The decision came in response to a petition filed by All India Ophthalmological Society, which had challenged the said order.
It is reported that in the month of June 2018, the Ministry of Health and Family Welfare forwarded the recommendations of the Central Supervisory Board (CSB) directing implementations by the state governments. The recommendation stated
“All the facilities engaged, either partly or exclusively in counseling or conducting the diagnostic techniques/test/procedures with the potential of sex selection are required to be registered under the PC & PNDT Act.”
“The proposal was considered and accepted by the CSB to resolve the confusions related to the registration of ultrasound facilities used for ophthalmology, echocardiography, urology and others. After the deliberations, it was concluded that the diagnostic machines have possibility of up-gradation and there is a likelihood of attaching multiple probes in the ultrasound machines, hence could be misused to detect the sex of the foetuses.”

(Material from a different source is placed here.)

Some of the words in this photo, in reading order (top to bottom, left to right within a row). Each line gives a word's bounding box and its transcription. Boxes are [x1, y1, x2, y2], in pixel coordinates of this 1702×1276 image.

Challenging the said decision, All India Ophthalmological Society filed an appeal with the high court. Ophthalmologists pointed out that their machinery did not have the depth and the frequency that can be used for sex determination. The petition on behalf of the 21,000 members pointed out that the members specialise in eye surgeries such as cataract surgeries and in this process use of ultrasound imaging machines, which have a scanning frequency of about 10 Mhz and a penetration depth of about 60mm, not enough to penetrate the skin.

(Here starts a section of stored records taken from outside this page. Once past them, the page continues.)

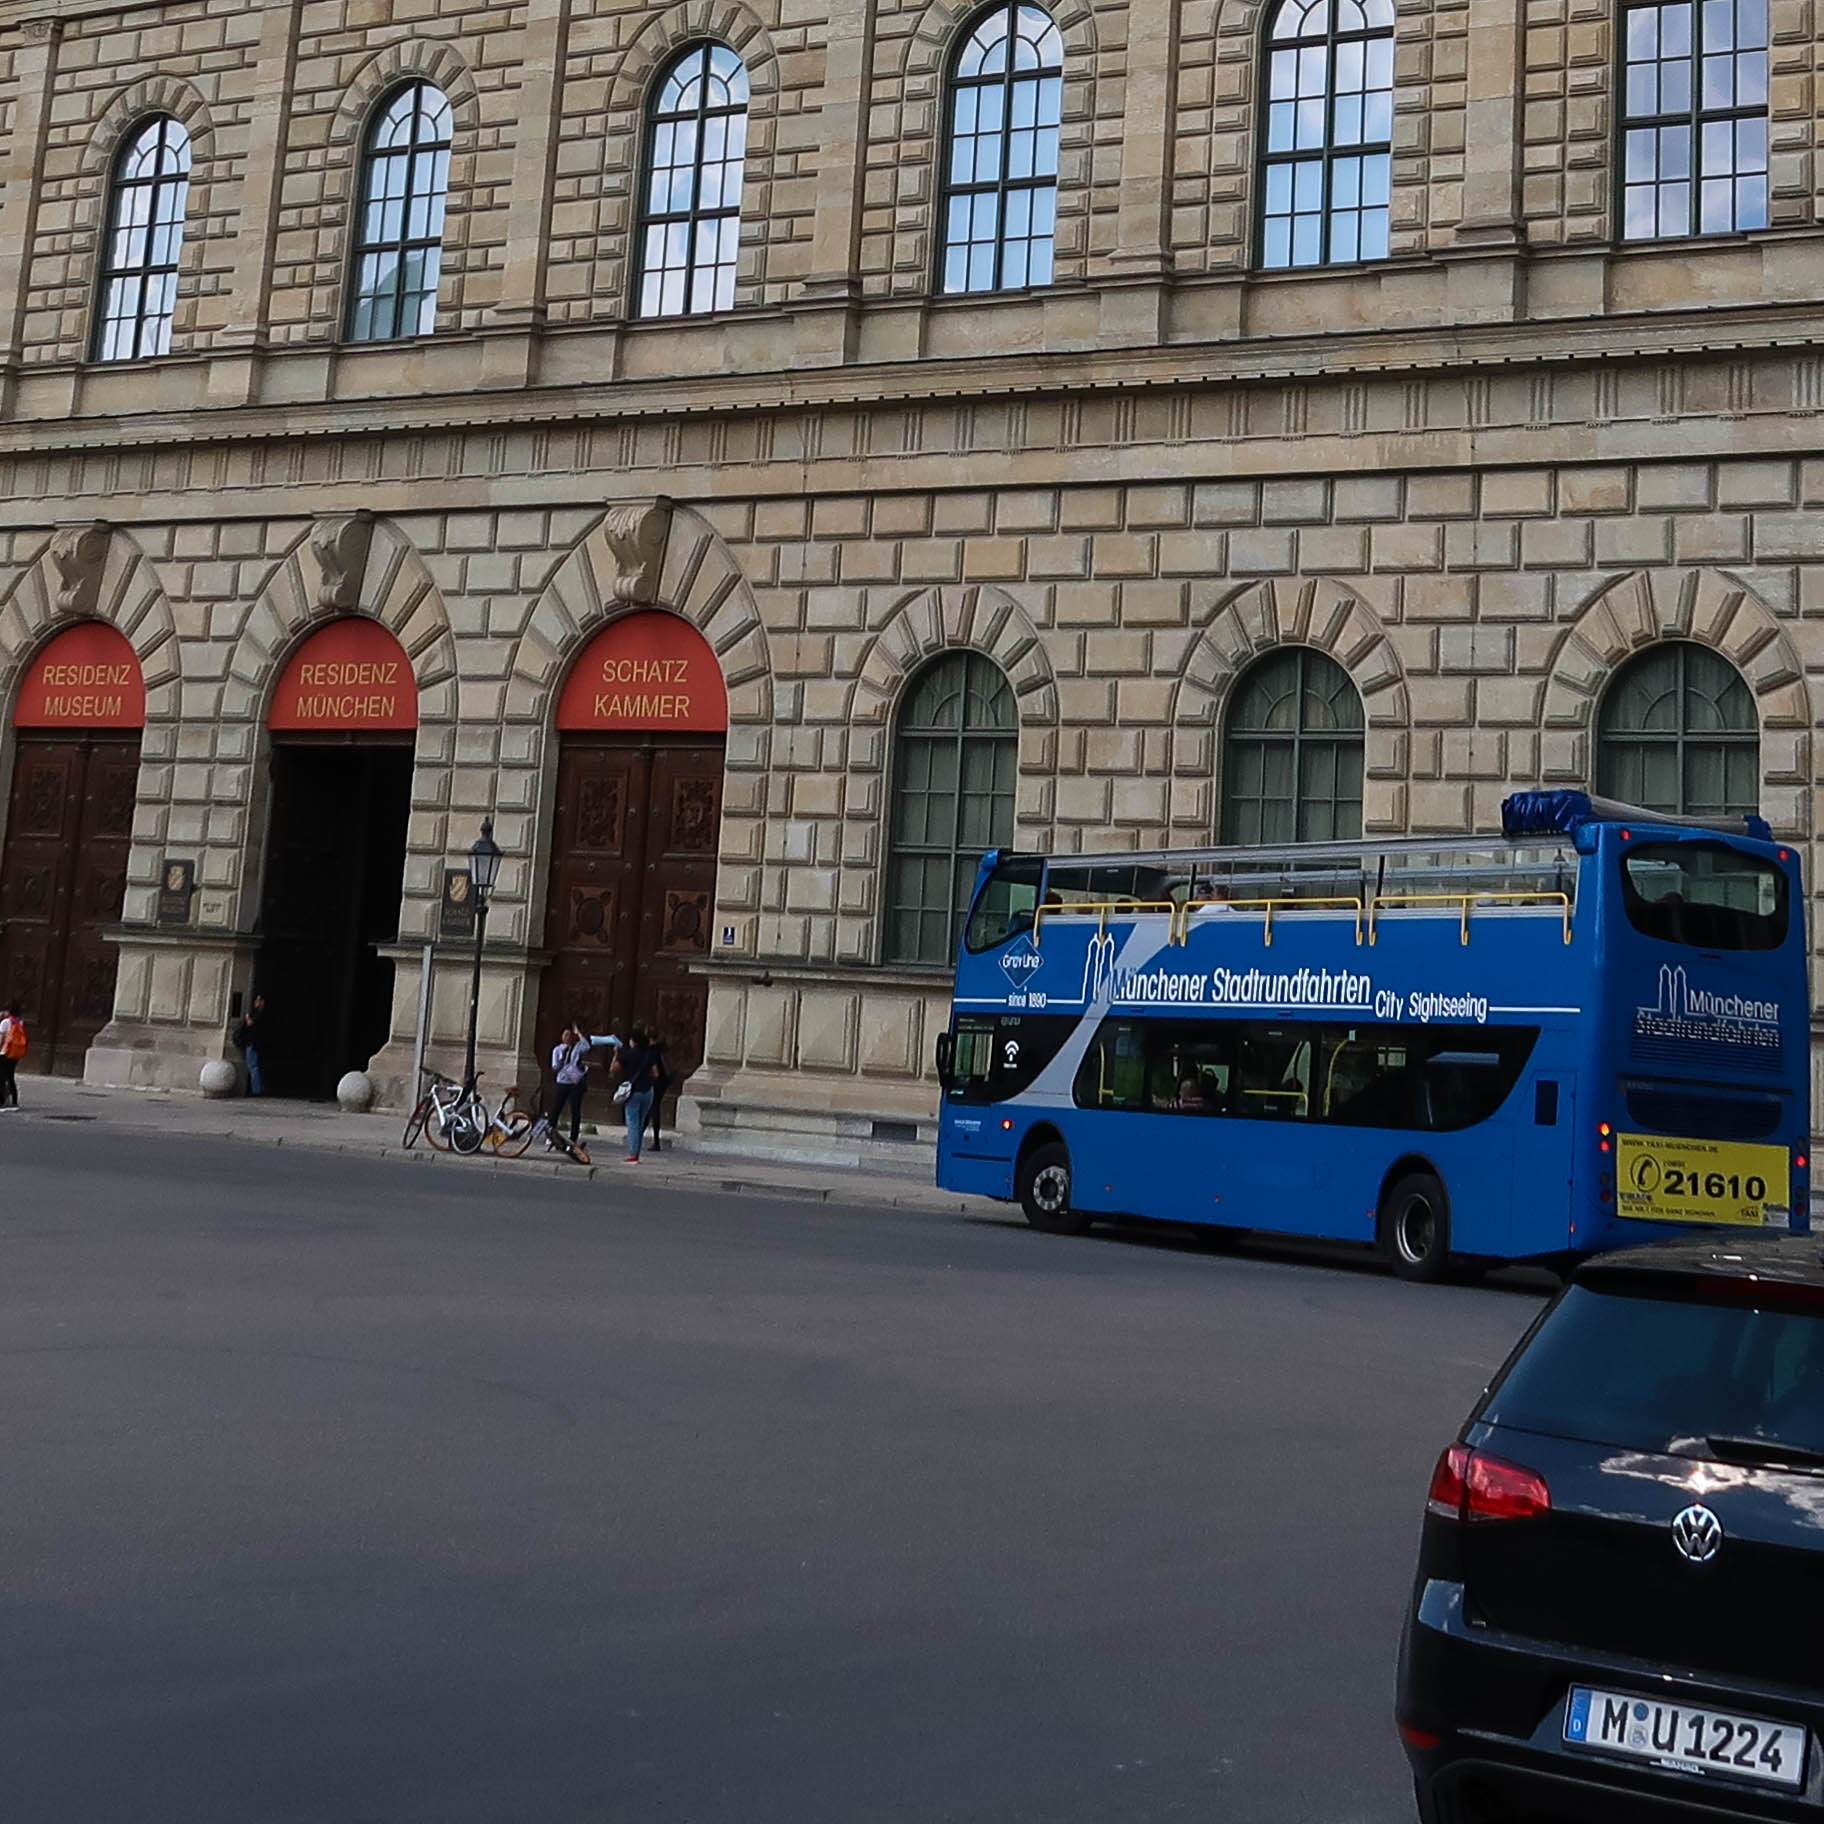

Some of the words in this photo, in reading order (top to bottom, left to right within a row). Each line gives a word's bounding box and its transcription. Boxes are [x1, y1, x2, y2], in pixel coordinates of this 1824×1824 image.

[43, 664, 131, 686] RESIDENZ
[300, 662, 398, 686] RESIDENZ
[602, 659, 689, 683] SCHATZ
[44, 695, 122, 717] MUSEUM
[296, 693, 395, 718] MÜNCHEN
[594, 693, 690, 719] KAMMER
[1212, 967, 1371, 1004] Stadtrundfahrten
[1376, 989, 1404, 1021] City
[1408, 992, 1488, 1024] Sightseeing
[1690, 989, 1780, 1020] Münchener
[1663, 1169, 1766, 1201] 21610
[1600, 1697, 1630, 1744] M
[1651, 1707, 1679, 1753] U
[1683, 1714, 1783, 1774] 1224

Further the counsel appearing for the Ophthalmologists also pointed out to Section 18 of the Act, which contains provision for registration of Genetic Counselling Centre, Genetic Laboratory and Genetic Clinic. She argued that Section 18 (5) of the Act, which expressly provides that no genetic Counselling Centre, Genetic Laboratory or Genetic Clinic shall be registered unless the Appropriate Authority is satisfied that such Centre, Laboratory or Clinic is in a position to provide such facilities and maintain such equipment and standards as may be prescribed. She submitted that in view of the above provisions Ophthalmologist clinics cannot be registered under Section 18 of the Act as they does not maintain the standards as required of a Genetic Counselling Centre, Genetic Laboratory or Genetic Clinic.
Based on the Argument, the court issued a stay order of the Ministry of Health dated 1.06.2018 and directed the government to file a response in the matter. Next Hearing is on 17/07/2019.

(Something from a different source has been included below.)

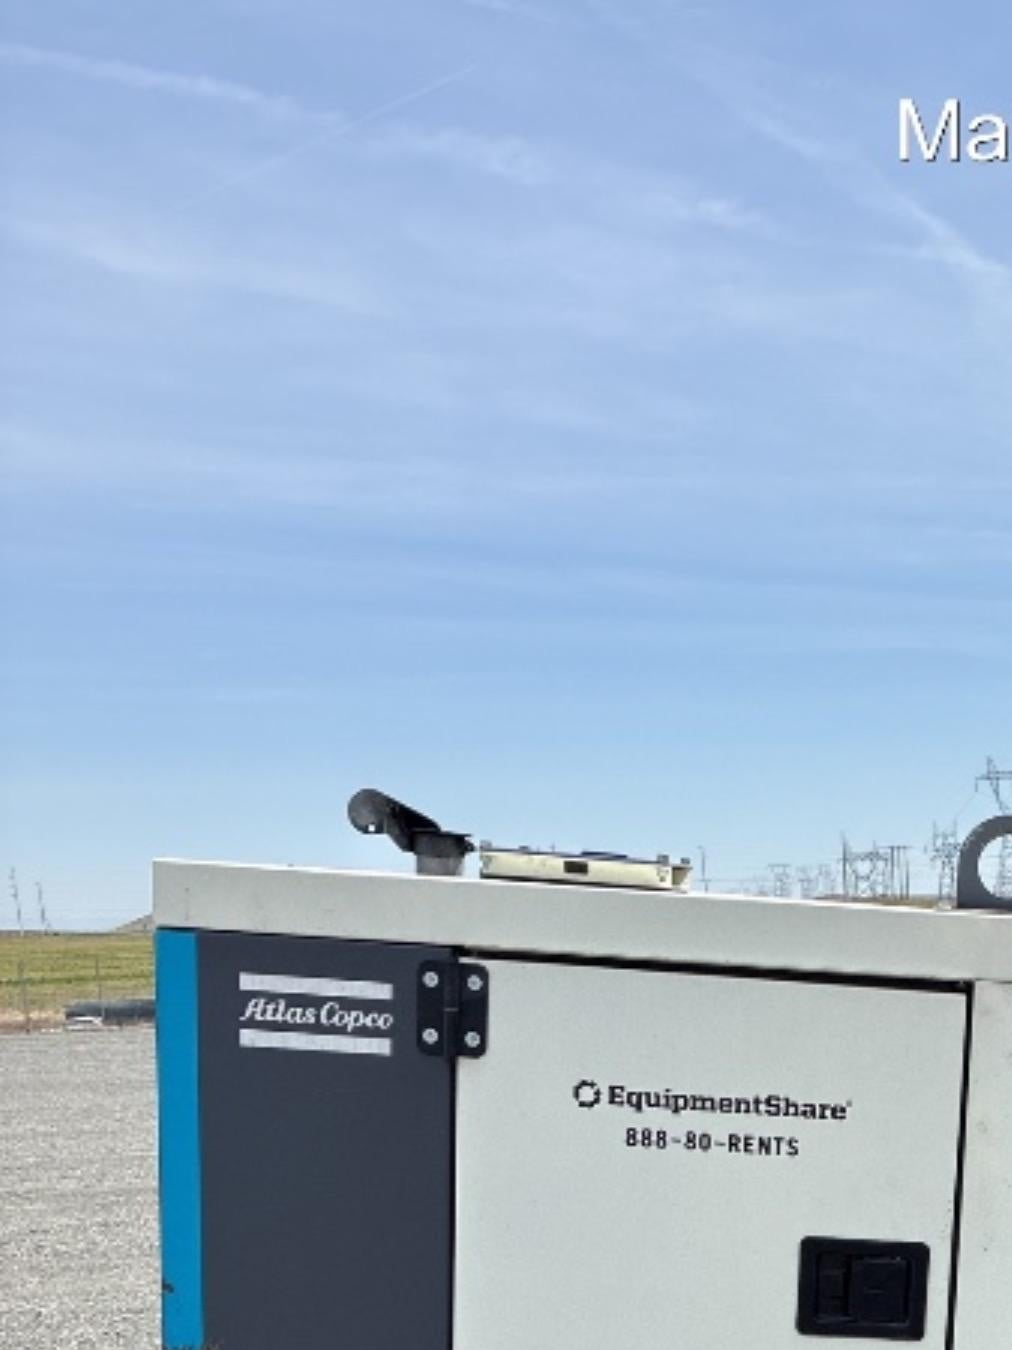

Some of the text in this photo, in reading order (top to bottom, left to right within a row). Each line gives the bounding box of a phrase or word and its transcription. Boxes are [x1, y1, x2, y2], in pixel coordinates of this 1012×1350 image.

Elaborating the issue, Dr Mahipal Sachdev, eminent ophthalmologist and the vice president, AIOS told Medical Dialogues team,” While we respect and support the intentions and the provisions of the PC-PNDT act, bringing ophthalmology centres under its ambit and asking ophthalmologists to file report on each time they use the ultrasound machine is just absurd. First of all ophthalmology machines used for A-scans and B-scans have neither the frequency nor the penetration depth to be used to penetrate the skin for sex determination. Further, almost 65 lakh cataracts are performed each year in India all of which require these scans, how will it be possible to maintain the paperwork on this?”